— Было нечто странное в этом соединении, — сказал Алексей Петрович. — В нескольких километрах отсюда стоял лагерь советского партизанского отряда «Максим Горький» с пулеметами, автоматическими ружьями и планом ближайших действий против германской армии — словом, 1944 год. А здесь…
А здесь было давно остановившееся время, конец восемнадцатого столетия, умолкнувший колокол и наполовину рухнувшая церковь.
Алексей Петрович долго стоял перед церковью — и не мог, конечно, не думать о многих вещах, которые на этот раз не были связаны с непосредственной действительностью. Но на Наташу вид церкви не произвел никакого впечатления.

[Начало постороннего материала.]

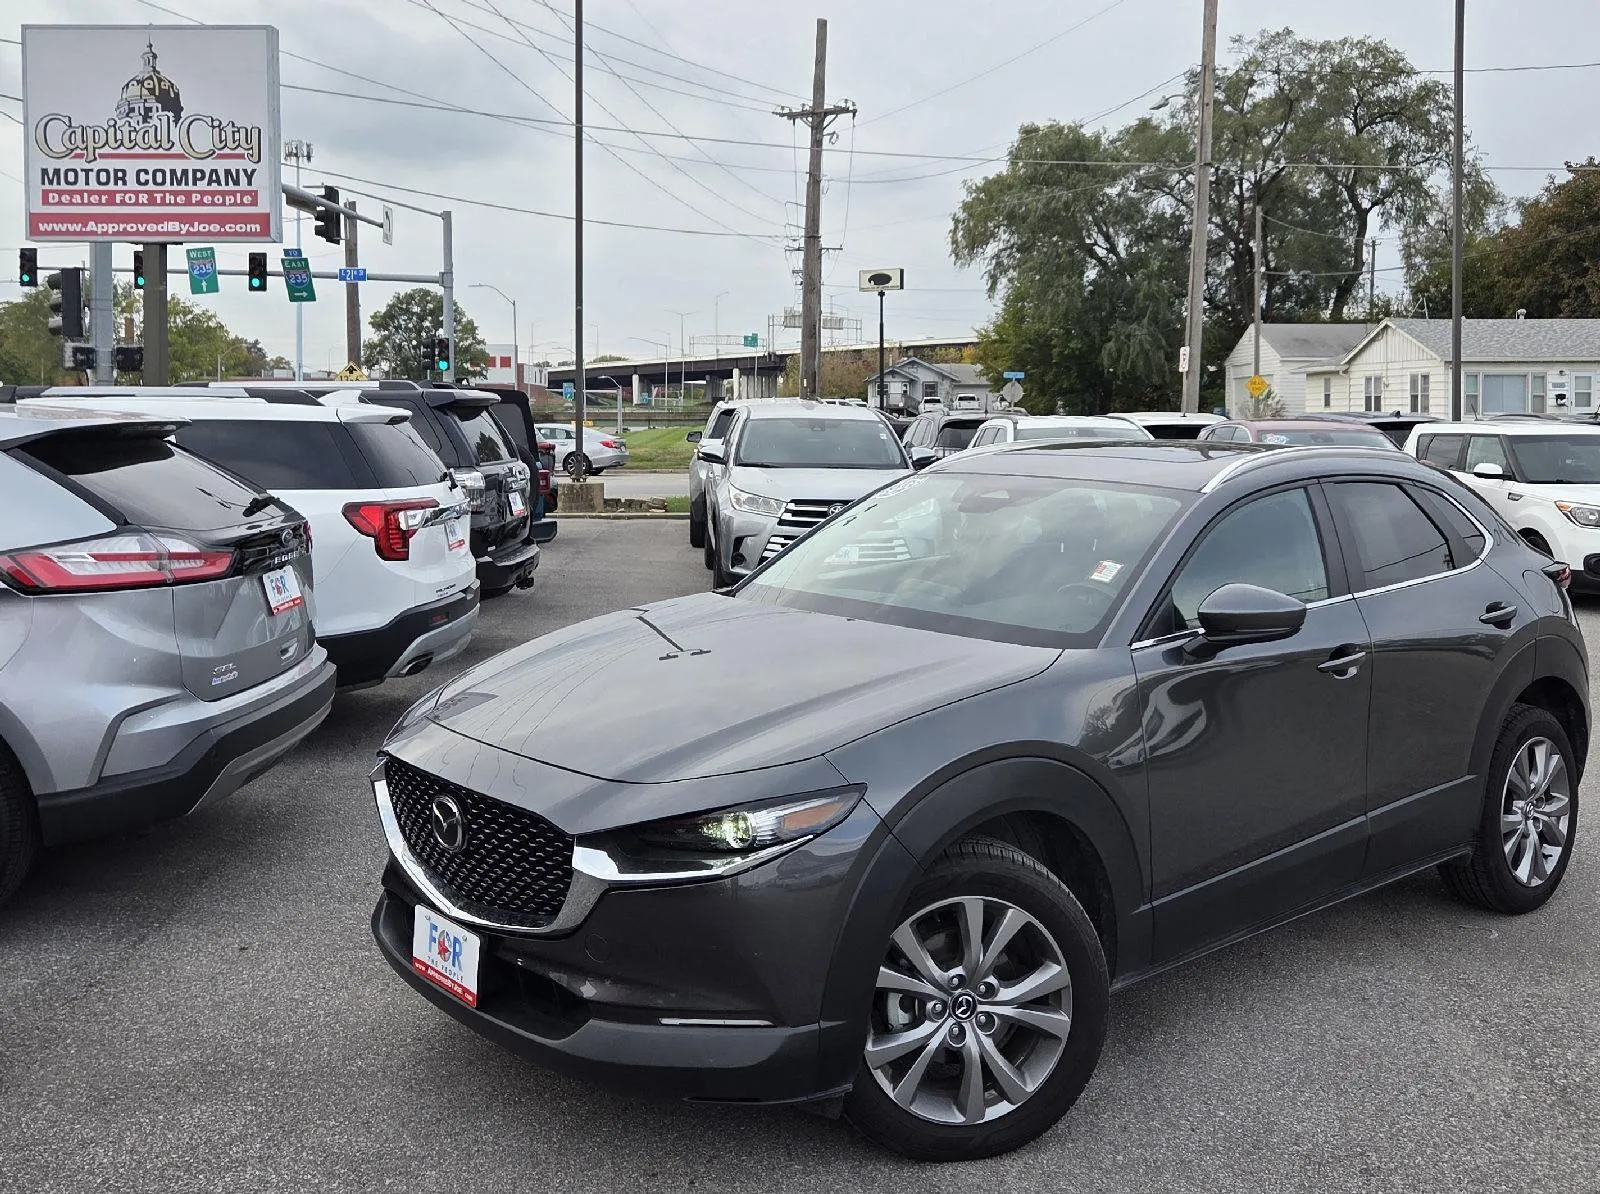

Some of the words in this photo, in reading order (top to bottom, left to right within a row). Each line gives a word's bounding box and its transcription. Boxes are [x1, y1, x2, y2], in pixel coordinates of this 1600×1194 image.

[35, 113, 174, 163] Capital
[178, 113, 262, 163] City
[41, 168, 127, 186] MOTOR
[136, 168, 257, 186] COMPANY
[48, 192, 108, 204] Dealer
[115, 192, 149, 204] FOR
[154, 192, 186, 204] The
[191, 192, 253, 206] People
[38, 221, 261, 235] www.ApprovedByJoe.com
[190, 250, 212, 259] WEST
[193, 263, 213, 275] 235
[289, 273, 308, 284] 235
[428, 922, 464, 973] FOR

Это было потому, как сказал мне Алексей Петрович, что Наташе было двадцать лет, что о церквах вообще она имела только теоретическое и небрежное представление, и еще потому, что этот мир — медленное движение времени, развалины, забвение и смерть — был ей, к счастью, еще непонятен и чужд.

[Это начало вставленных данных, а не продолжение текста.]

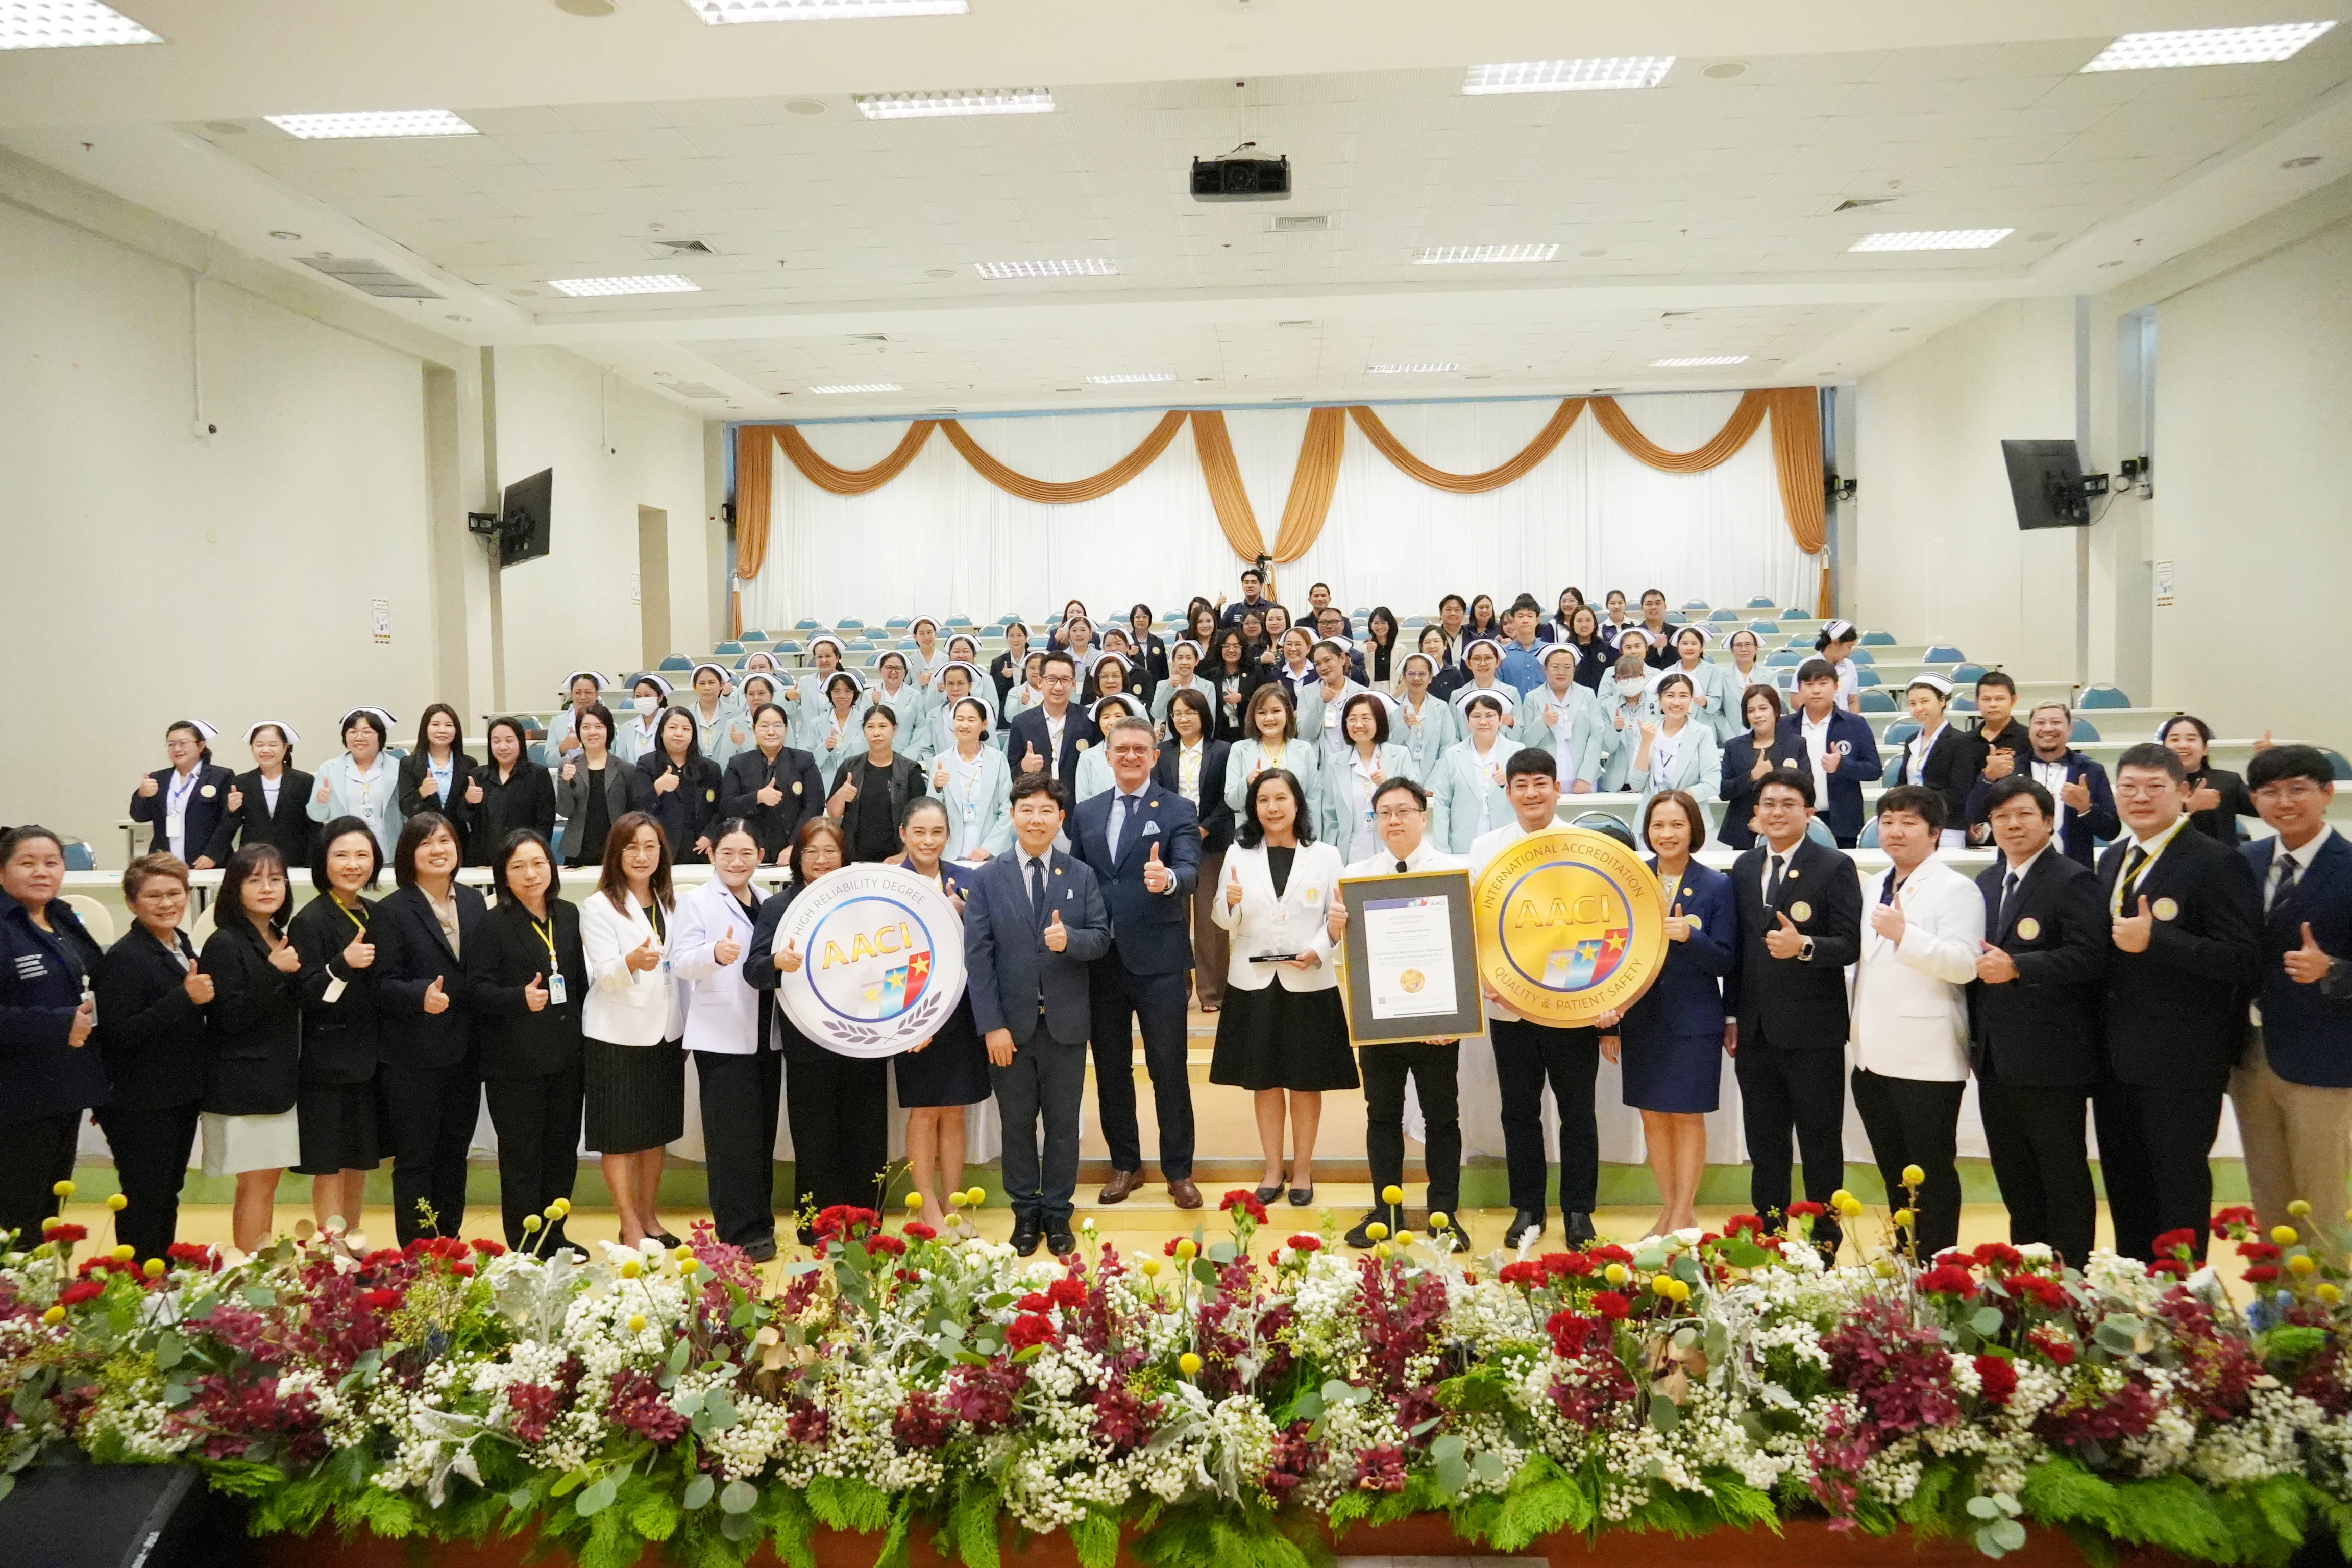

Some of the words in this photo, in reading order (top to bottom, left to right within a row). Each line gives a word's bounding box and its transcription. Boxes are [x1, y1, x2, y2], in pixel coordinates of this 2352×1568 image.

[1483, 843, 1558, 909] INTERNATIONAL
[1562, 843, 1645, 898] ACCREDITATION
[794, 909, 815, 936] HIGH
[814, 878, 877, 908] RELIABILITY
[883, 879, 926, 905] DEGREE
[1515, 895, 1610, 928] AACI
[822, 922, 912, 969] AACI
[1494, 967, 1540, 1003] QUALITY
[1541, 998, 1552, 1009] &
[1556, 992, 1606, 1011] PATIENT
[1607, 958, 1643, 997] SAFETY

В лагере и вообще всюду, где она бывала, ее любили все: крестьяне на фермах, партизаны, Алексей Петрович и его товарищи. Она относилась к людям вообще хорошо, но особенно ценила Алексея Петровича, и его друзей, и того начальника штаба отряда, русского эмигранта Сержа, который отличался таким исключительным и беспечным бесстрашием. — Говорят, Сережа, — сказал ему Антон Васильевич, — тут где-то, километрах отсюда в пятидесяти, — он назвал место, — есть какой-то русский отряд, готовый перейти к нам. Хорошо б туда съездить, посмотреть, как там это все. Правда, через немецкое расположение надо пробираться. — Можно съездить, почему же, — сказал Серж.

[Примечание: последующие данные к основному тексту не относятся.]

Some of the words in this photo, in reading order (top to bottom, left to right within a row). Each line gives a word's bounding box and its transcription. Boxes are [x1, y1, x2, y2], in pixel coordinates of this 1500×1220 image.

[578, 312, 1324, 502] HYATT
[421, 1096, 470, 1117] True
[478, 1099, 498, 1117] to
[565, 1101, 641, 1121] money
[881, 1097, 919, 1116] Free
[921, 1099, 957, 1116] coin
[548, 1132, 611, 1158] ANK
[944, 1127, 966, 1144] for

До этого он никогда не правил автомобилем, но теоретически предполагал, что это не должно быть очень трудно. Он сел за руль грузовика, помахал на прощание рукой, уехал — и вернулся через три дня, с несколькими десятками вооруженных людей, тотчас вступивших в отряд.
После того как партизанская кампания во Франции кончилась, Наташа вернулась в Париж, где я с ней познакомился ближе.
Ей был двадцать один год, у нее было полное, крепкое тело, с той крестьянской тяжеловатостью, которая характерна, кажется, вообще для теперешнего поколения русских женщин: такими были почти все советские девушки, которых я видел здесь или в кинематографических хрониках. Во всяком случае, это тип большинства. Наташа была такой же, у нее были крупные черты лица и огромные глаза очень чистого, очень глубокого оттенка. Она окончила десятилетку, очень много читала и знала — в частности, русских классиков. Она знала даже иностранную литературу: Бальзака, Шекспира, Сервантеса, Гюго, Байрона, Диккенса. Ее воображение, когда она давала ему волю, было, наполнено стихами. В общем, это был тот же мир, который был характерен для девушек ее возраста двадцать или тридцать лет тому назад в России; и все-таки это было не то, что раньше. В ней не было, пожалуй, того движения идей, той свободы сравнительного суждения, которая существовала раньше. И весь этот мир, к которому она чувствовала тяготение, представлялся ей фрагментарным и полным противоречий, носящих запрещенный характер, которого она инстинктивно боялась. Но, как большинство советских людей, ее тянуло к «культуре», и она с жадностью впитывала в себя все, что она узнавала здесь и о чем, конечно, она могла иметь только очень приблизительное представление в том маленьком городке России, где она жила до того, как немцы увезли ее за границу. Ни насильственная работа в Германии, ни унизительное положение пленной, ни все испытания, через которые ей пришлось пройти, не могли, однако, нарушить той моральной чистоты, которой она отличалась и о которой так безошибочно свидетельствовало выражение ее глаз. Она говорила быстро и смешно, проглатывая половину букв, и я думаю, что иностранцу, даже хорошо знающему русский язык, было бы чрезвычайно трудно ее понять. Больше всего на свете она любила свою мать, о которой все время вспоминала, Россию, российскую весну, и это было самое главное, а Шекспир, Диккенс и Сервантес были только чудесными иностранными гостями в этих российских пространствах, вне которых всякий отрывок ее жизни ей казался только каким-то не в меру затянувшимся и случайным эпизодом.